In my case, I have searched for strong men all my life. Though, the men that I tended to find were not dominant in the way the D/s M/s community respects or even acknowledges. I found myself walking down a dangerous path looking for someone who could handle me, this fierce woman who ate most men for breakfast. Though, I was looking for the wrong type of handling. I thought someone who was harsh, that was verbally abusive was what I needed. Down that road I traveled, but I found that love was rarely in the equation. That as much as the sex was exciting, wonderful, and on occasion awesome, I could not see myself in a committed relationship. I could not be faithful, obedient to them because I did not respect them. And while yes, I understand that those reading this might think that it’s a bit hokey, but my thought process is needed for you to understand why I’ve chosen this submissive path.

I stumbled into the kink first. Looking into ways of controlling myself. If someone could control my body, it’s possible that they could control me.

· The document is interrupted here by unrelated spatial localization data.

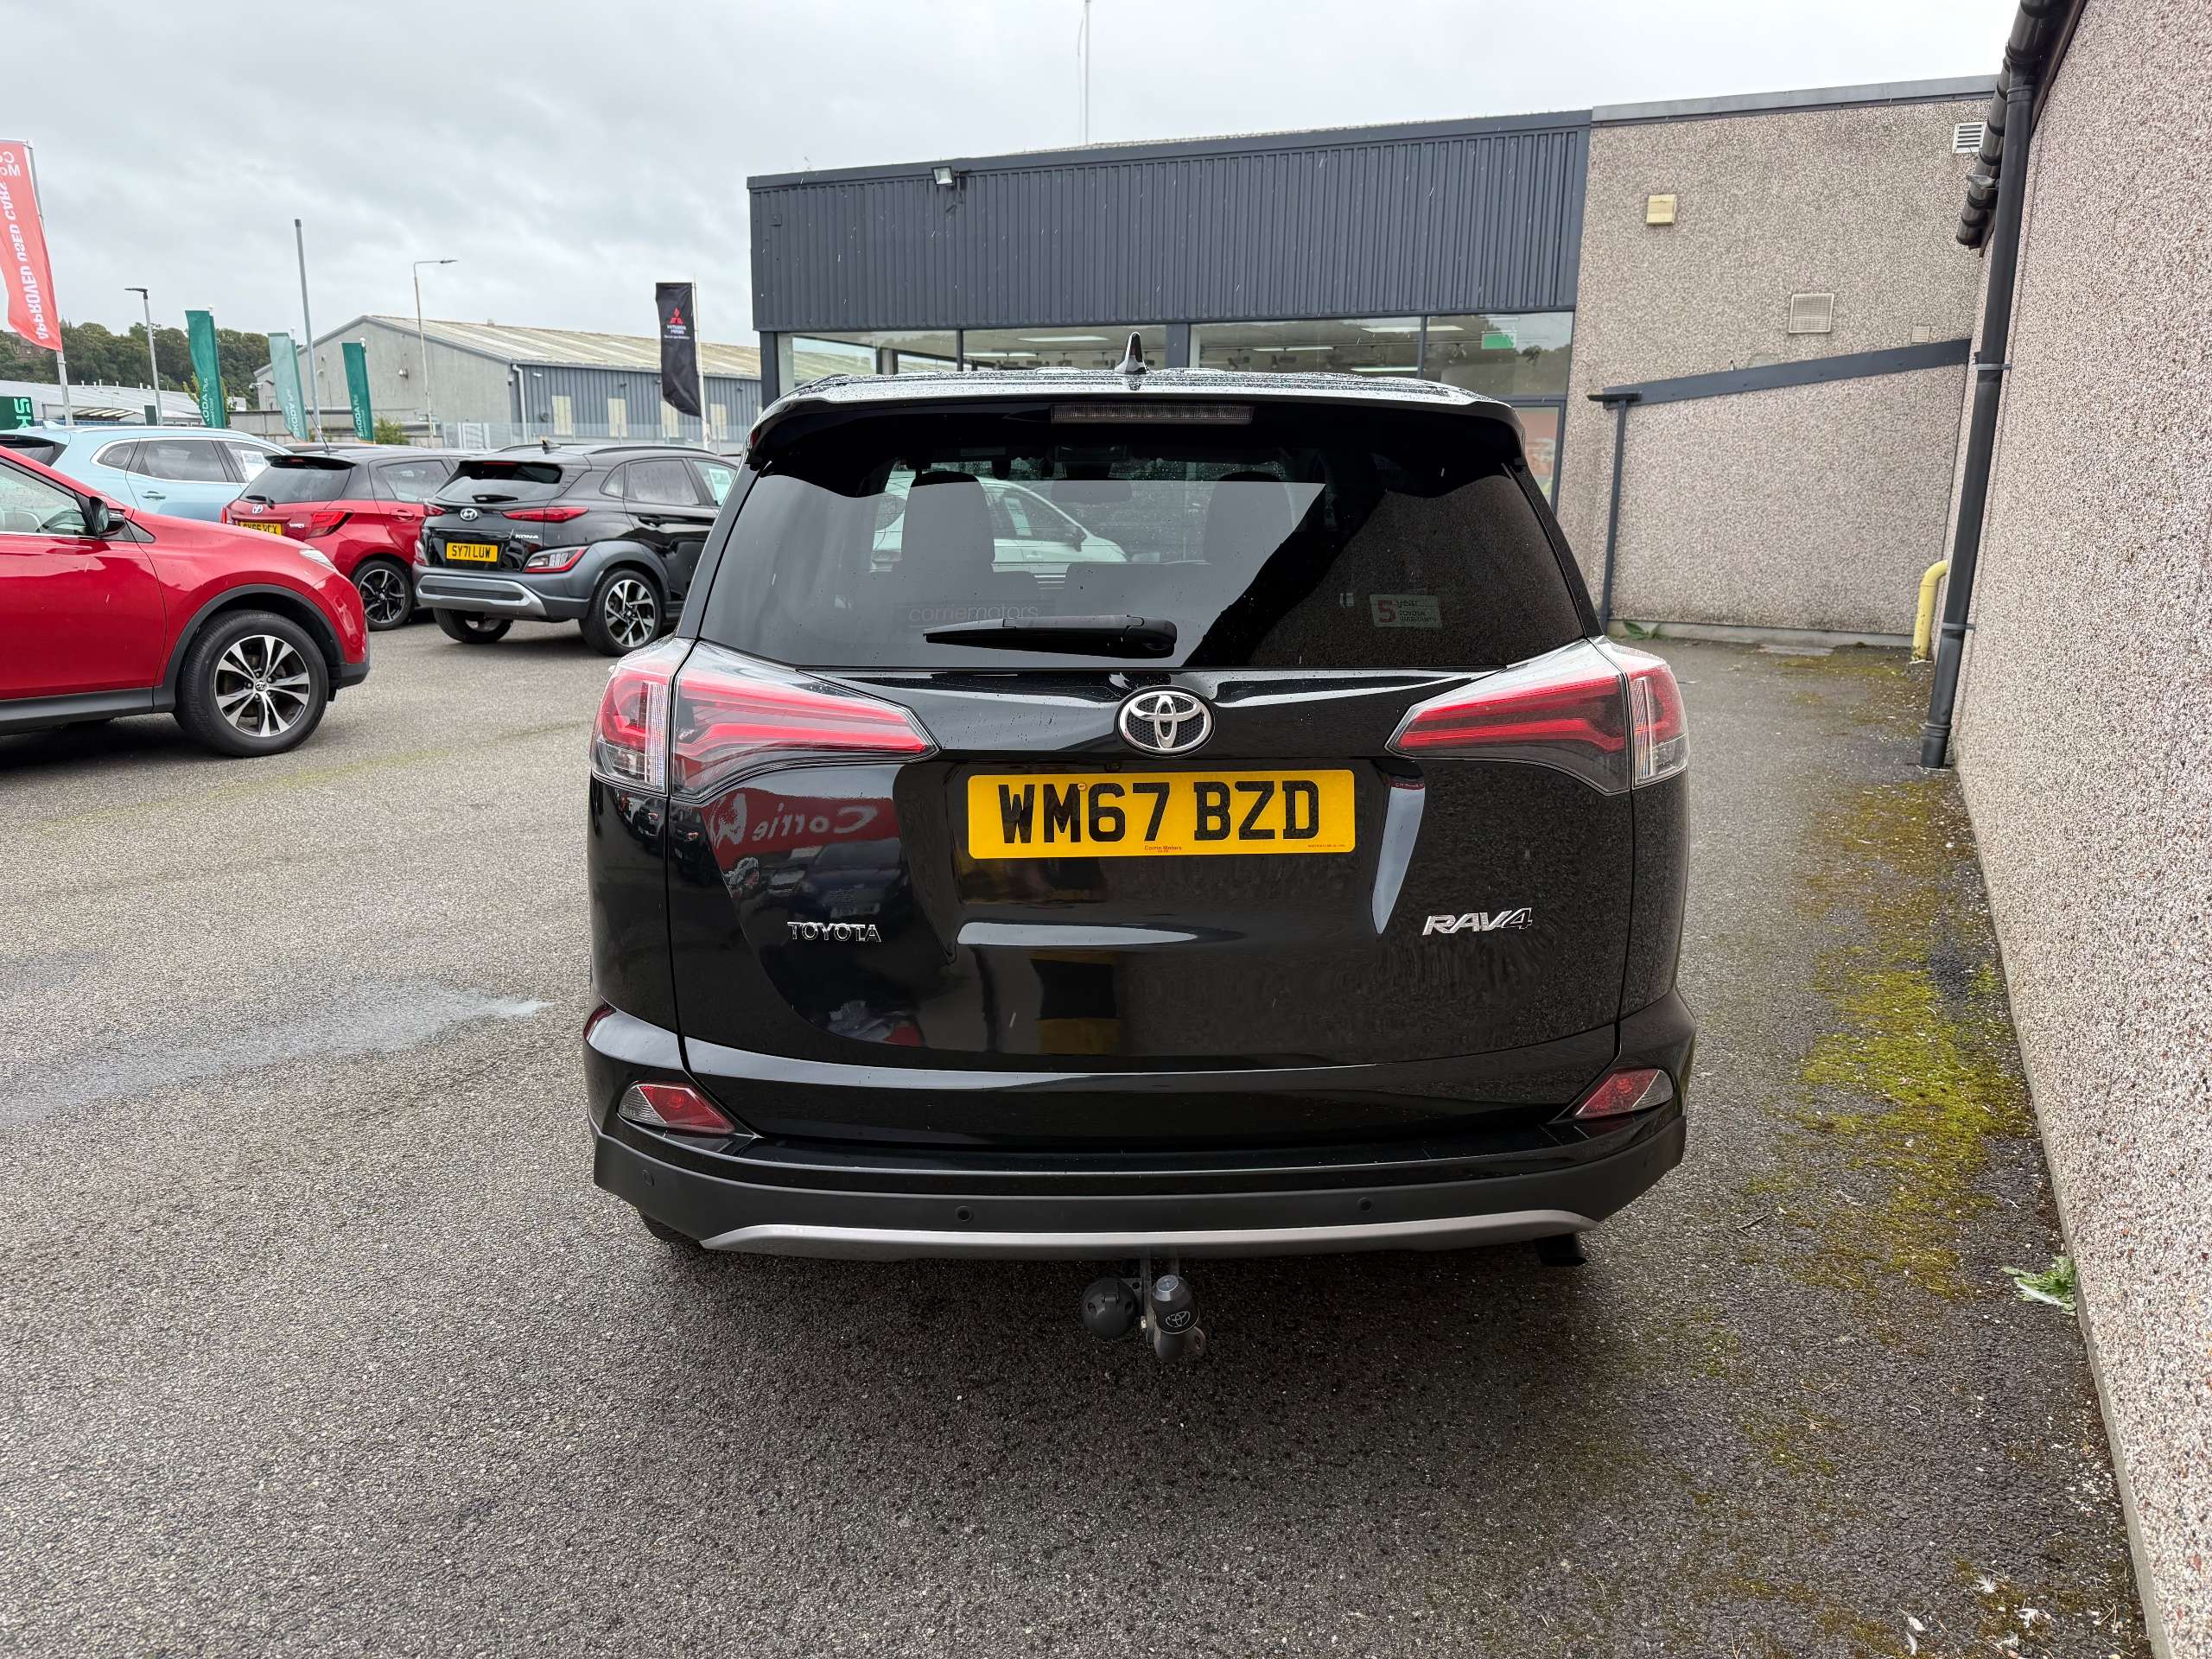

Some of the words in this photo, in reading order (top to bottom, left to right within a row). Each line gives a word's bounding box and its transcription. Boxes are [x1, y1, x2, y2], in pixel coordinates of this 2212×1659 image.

[452, 545, 471, 557] SY71
[473, 545, 491, 558] LUW
[998, 781, 1171, 844] WM67
[1193, 779, 1319, 841] BZD
[787, 921, 881, 943] TOYOTA
[1422, 907, 1533, 936] RAV4

The Internet is a menagerie of depravity and at first many things did not sit well with me. I couldn’t understand why women would allow themselves to be tied and forced to cum over and over again. Or even forced to sit on the edge of orgasm, while thanking their tormentors. Surely this is only meant to be viewed by men. And then it hit me -- an epiphany -- these ‘tormentors’ are in complete control. They are not yelling, they are not abusive; they are staying within the agreed limits. Yet they have complete control over their women and men.

I blinked, was I reading too much into this? Was my psyche over analyzing the simple act of Domination? I wanted to know more. I wanted to understand why they would allow this to be done to them. I had to go down deeper into the rabbit hole.